(Data records)

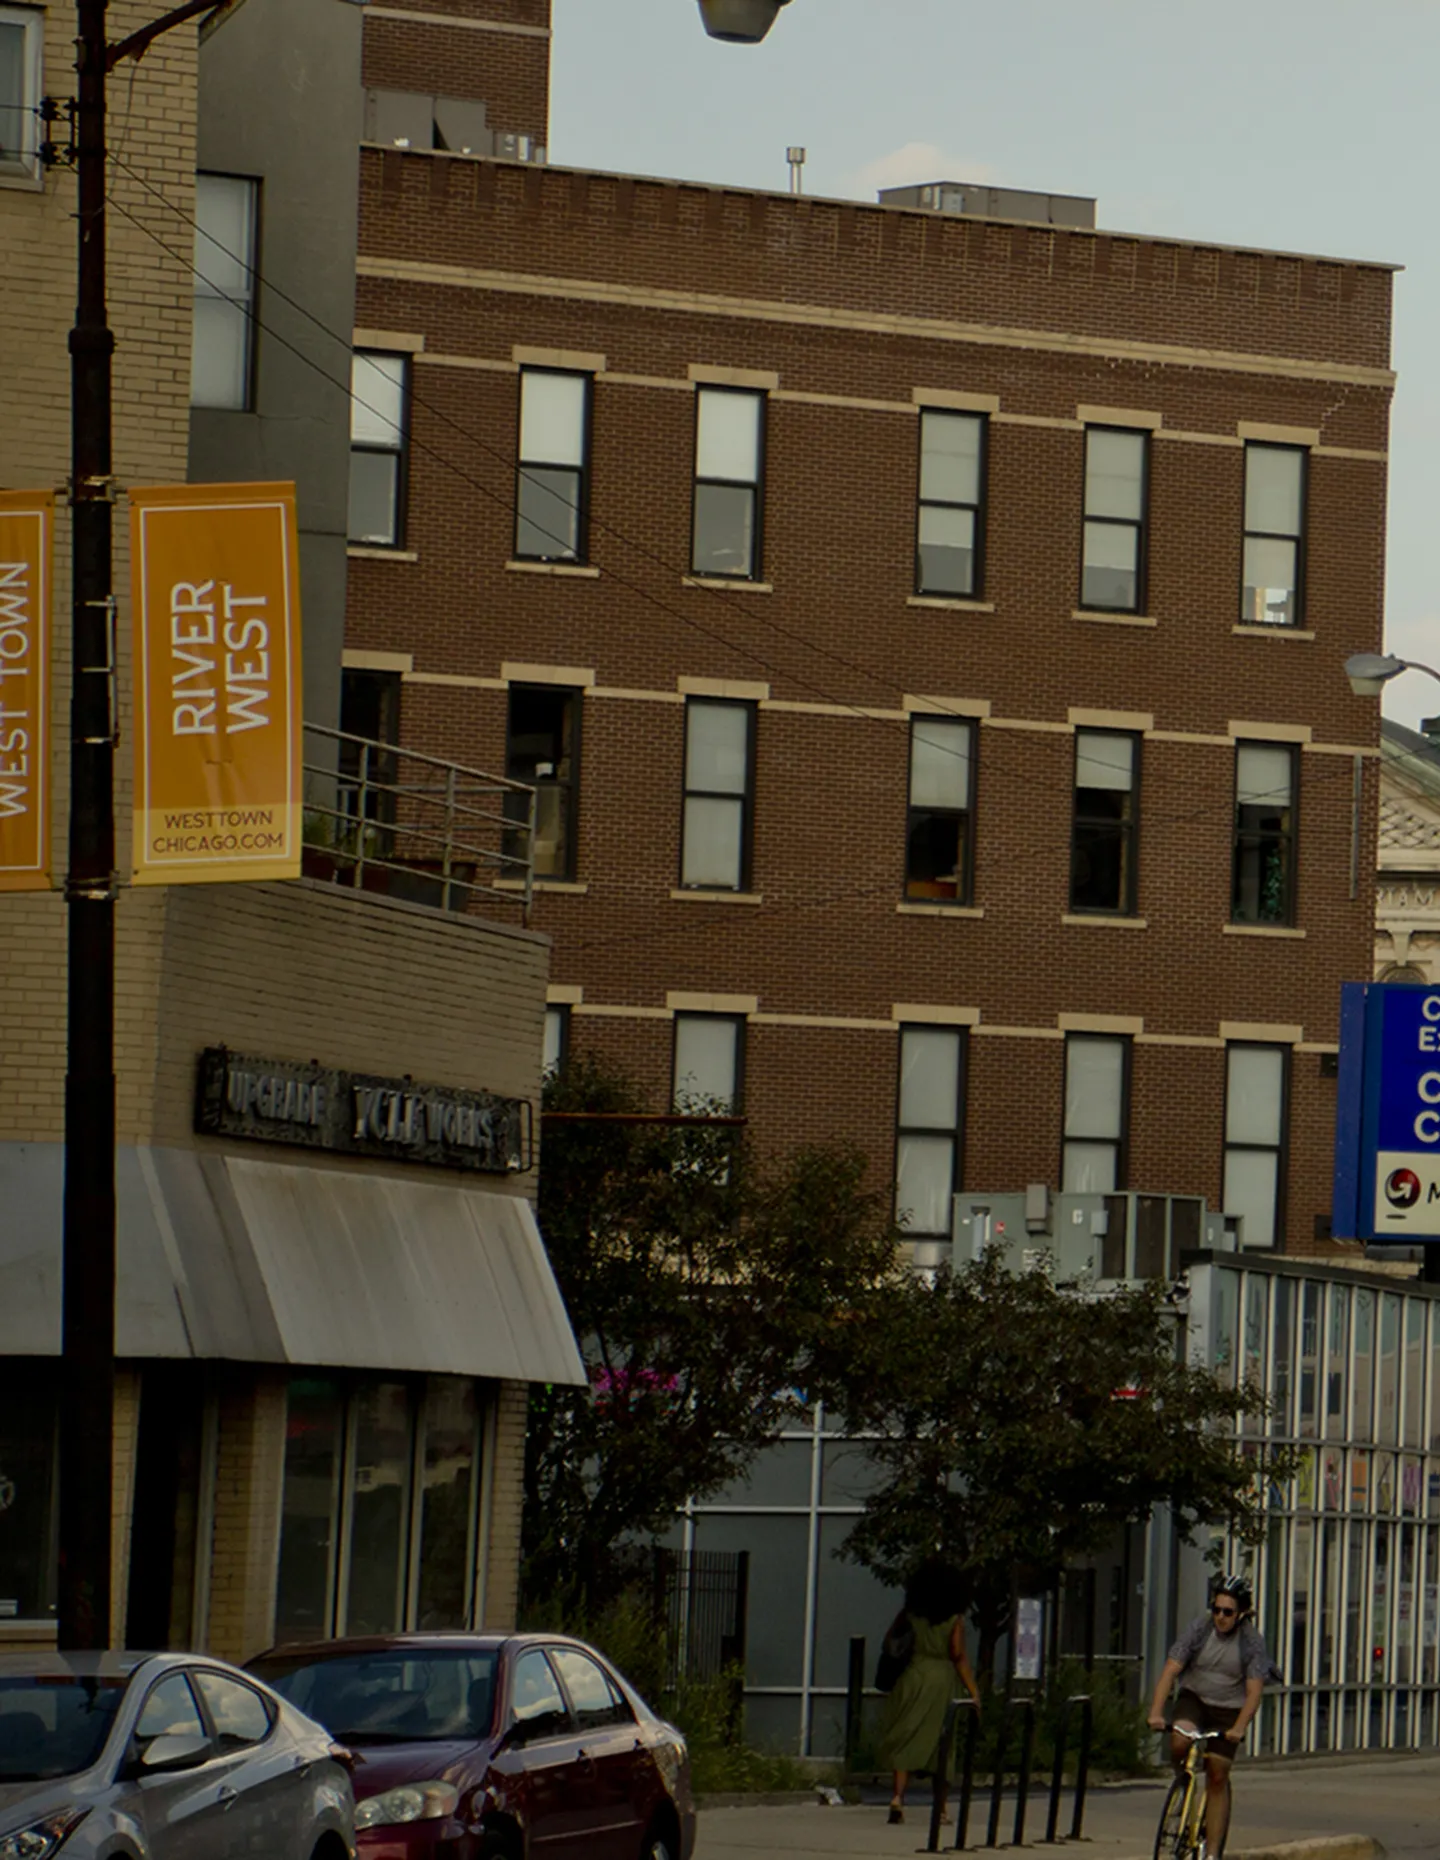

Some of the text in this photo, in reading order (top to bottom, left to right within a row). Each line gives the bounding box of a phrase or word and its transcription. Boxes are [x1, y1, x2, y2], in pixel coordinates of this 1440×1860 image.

[170, 579, 216, 735] RIVER
[223, 584, 270, 734] WEST
[153, 833, 283, 853] CHICAGO.COM
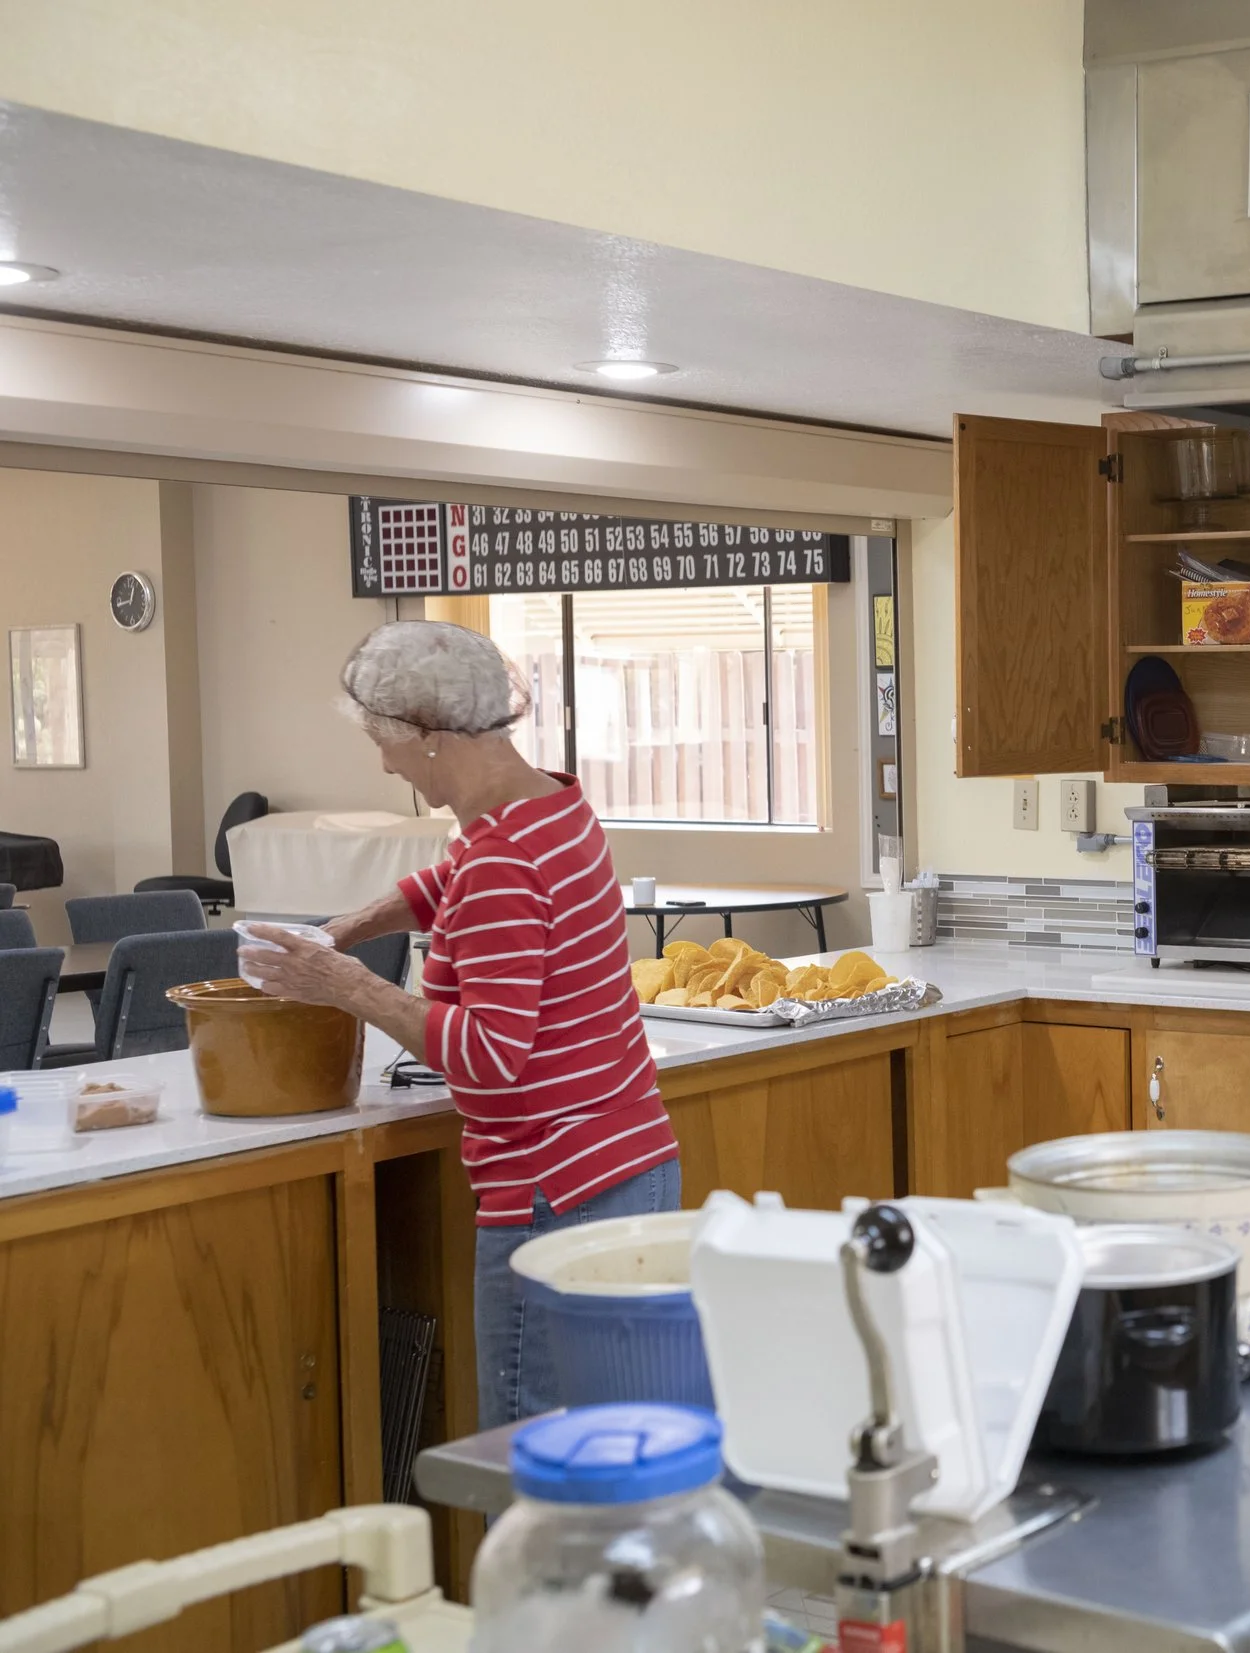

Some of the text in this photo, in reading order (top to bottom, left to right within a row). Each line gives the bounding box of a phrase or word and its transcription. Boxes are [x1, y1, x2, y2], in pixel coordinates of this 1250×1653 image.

[360, 496, 372, 568] TRONIC
[450, 505, 465, 527] N
[473, 506, 485, 525] 31
[452, 535, 466, 558] G
[472, 533, 488, 556] 46
[495, 532, 509, 554] 47
[516, 531, 532, 554] 48
[539, 530, 555, 553] 49
[561, 529, 578, 553] 50
[585, 528, 599, 552] 51
[606, 527, 623, 551] 52
[626, 526, 644, 550] 53
[651, 525, 668, 549] 54
[674, 523, 692, 547] 55
[699, 523, 718, 546] 56
[725, 525, 741, 545] 57
[452, 549, 823, 588] O 61 62 63 64 65 66 67 68 69 70 71 72 73 74 75
[1188, 588, 1227, 598] Homestyle

(End Data records)

> What you are asked to do
From the material above, set down each entry exactly, but exclude the pictures.

> Reply to the task
Some of the text in this photo, in reading order (top to bottom, left to right within a row). Each line gives the bounding box of a phrase or word and its transcription. Boxes are [x1, y1, x2, y2], in pixel coordinates of this 1440×1860 image.

[170, 579, 216, 735] RIVER
[223, 584, 270, 734] WEST
[153, 833, 283, 853] CHICAGO.COM

Some of the text in this photo, in reading order (top to bottom, left to right within a row). Each line gives the bounding box of a phrase or word and its transcription. Boxes are [x1, y1, x2, y2], in pixel coordinates of this 1250×1653 image.

[360, 496, 372, 568] TRONIC
[450, 505, 465, 527] N
[473, 506, 485, 525] 31
[452, 535, 466, 558] G
[472, 533, 488, 556] 46
[495, 532, 509, 554] 47
[516, 531, 532, 554] 48
[539, 530, 555, 553] 49
[561, 529, 578, 553] 50
[585, 528, 599, 552] 51
[606, 527, 623, 551] 52
[626, 526, 644, 550] 53
[651, 525, 668, 549] 54
[674, 523, 692, 547] 55
[699, 523, 718, 546] 56
[725, 525, 741, 545] 57
[452, 549, 823, 588] O 61 62 63 64 65 66 67 68 69 70 71 72 73 74 75
[1188, 588, 1227, 598] Homestyle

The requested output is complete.